If these thoughts by Jochen Rueckert aka Wolff Parkinson White piqued your interest, visit his website for more information and music.

You can also read a more extensive Jochen Rueckert interview on 15 Questions from a while back or to find out more about his creative partner on The Off World, Hayden Chisholm in a feature about alternative tuning systems.



Jochen Rueckert:
"In my work as Wolff Parkinson White, music and technology are cross-pollinating.
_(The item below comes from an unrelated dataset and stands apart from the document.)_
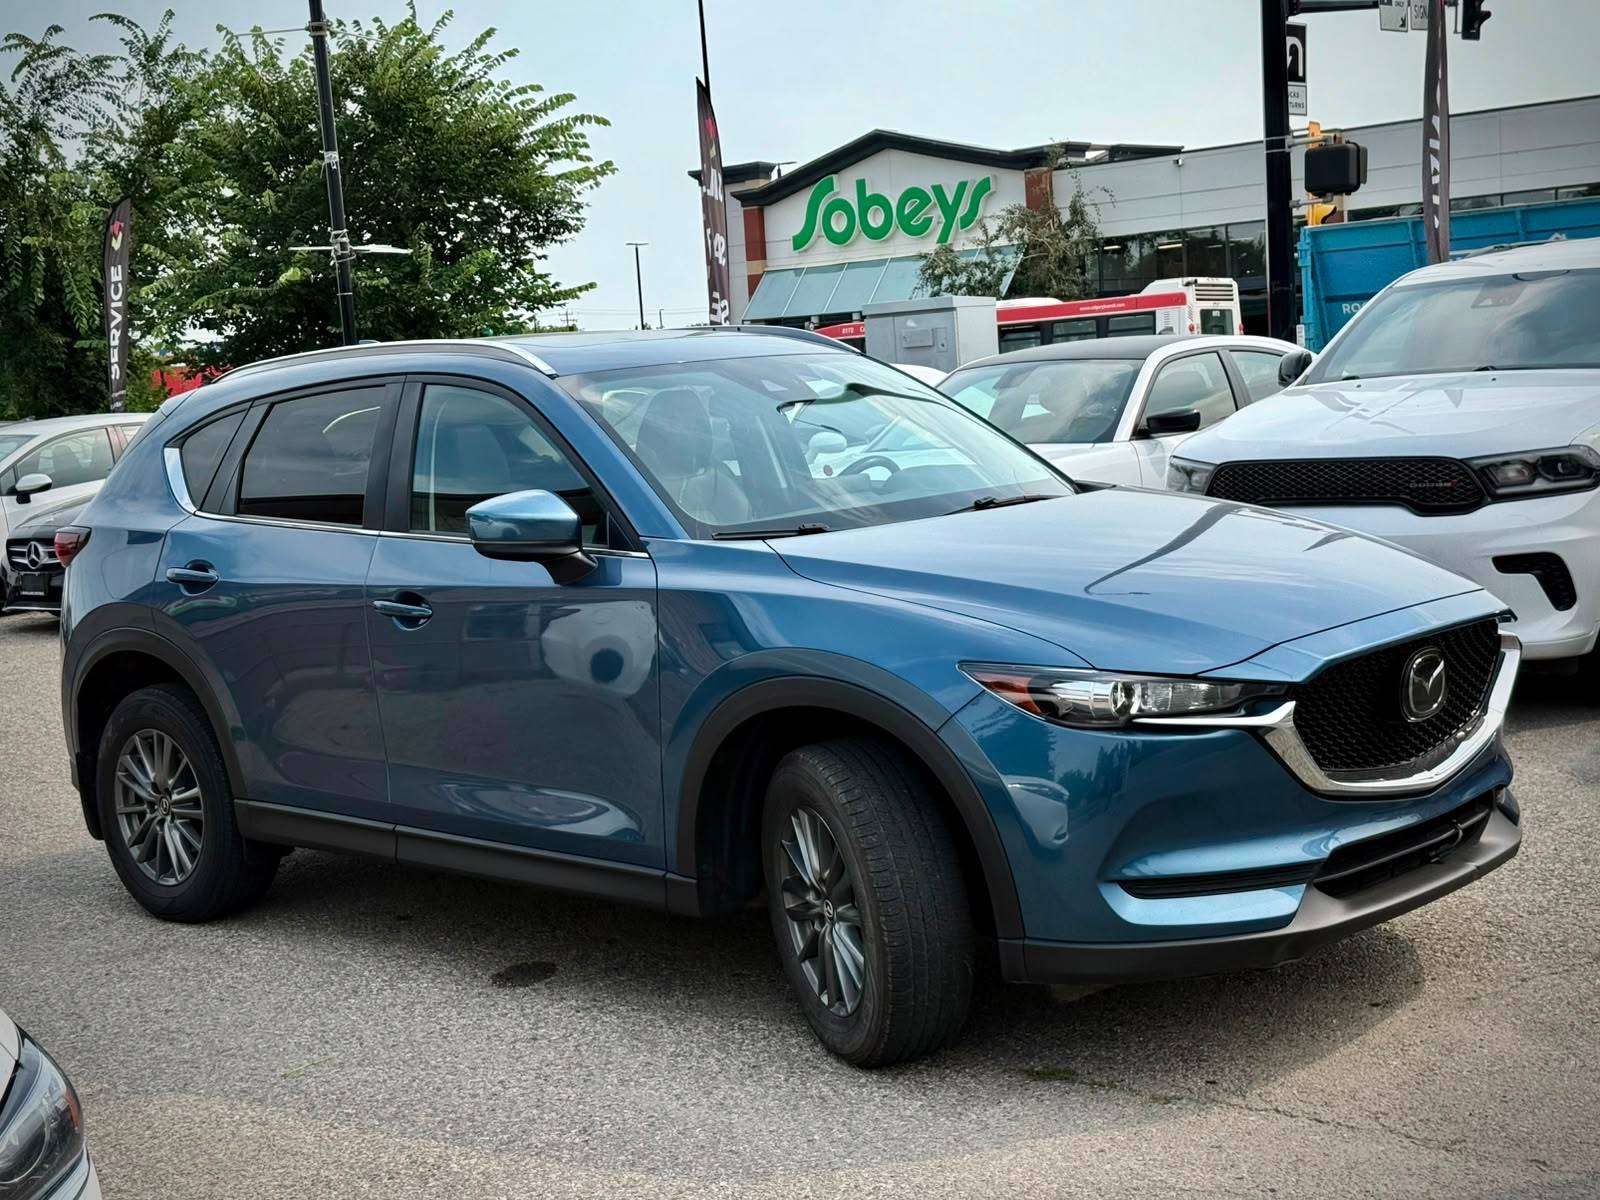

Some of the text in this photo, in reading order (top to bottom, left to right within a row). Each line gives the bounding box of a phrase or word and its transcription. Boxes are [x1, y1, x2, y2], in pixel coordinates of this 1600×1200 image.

A lot of times I am learning how to use a new program or plug-in and I find something interesting I haven't tried before. Sometimes I try to re-create something I heard on somebody else's record and stumble upon new things. I also enjoy setting limitations for a song, project or album even, I keep a list of ideas. Sometimes these are obvious – like, on a couple of recent songs you hear very " traditional" techno, drum and bass and electronica sounds but the song really doesn't have a tempo, like rubato techno, sometimes more abstract, like focussing on certain fractions rhythmically or using only certain methods with a certain plug-in.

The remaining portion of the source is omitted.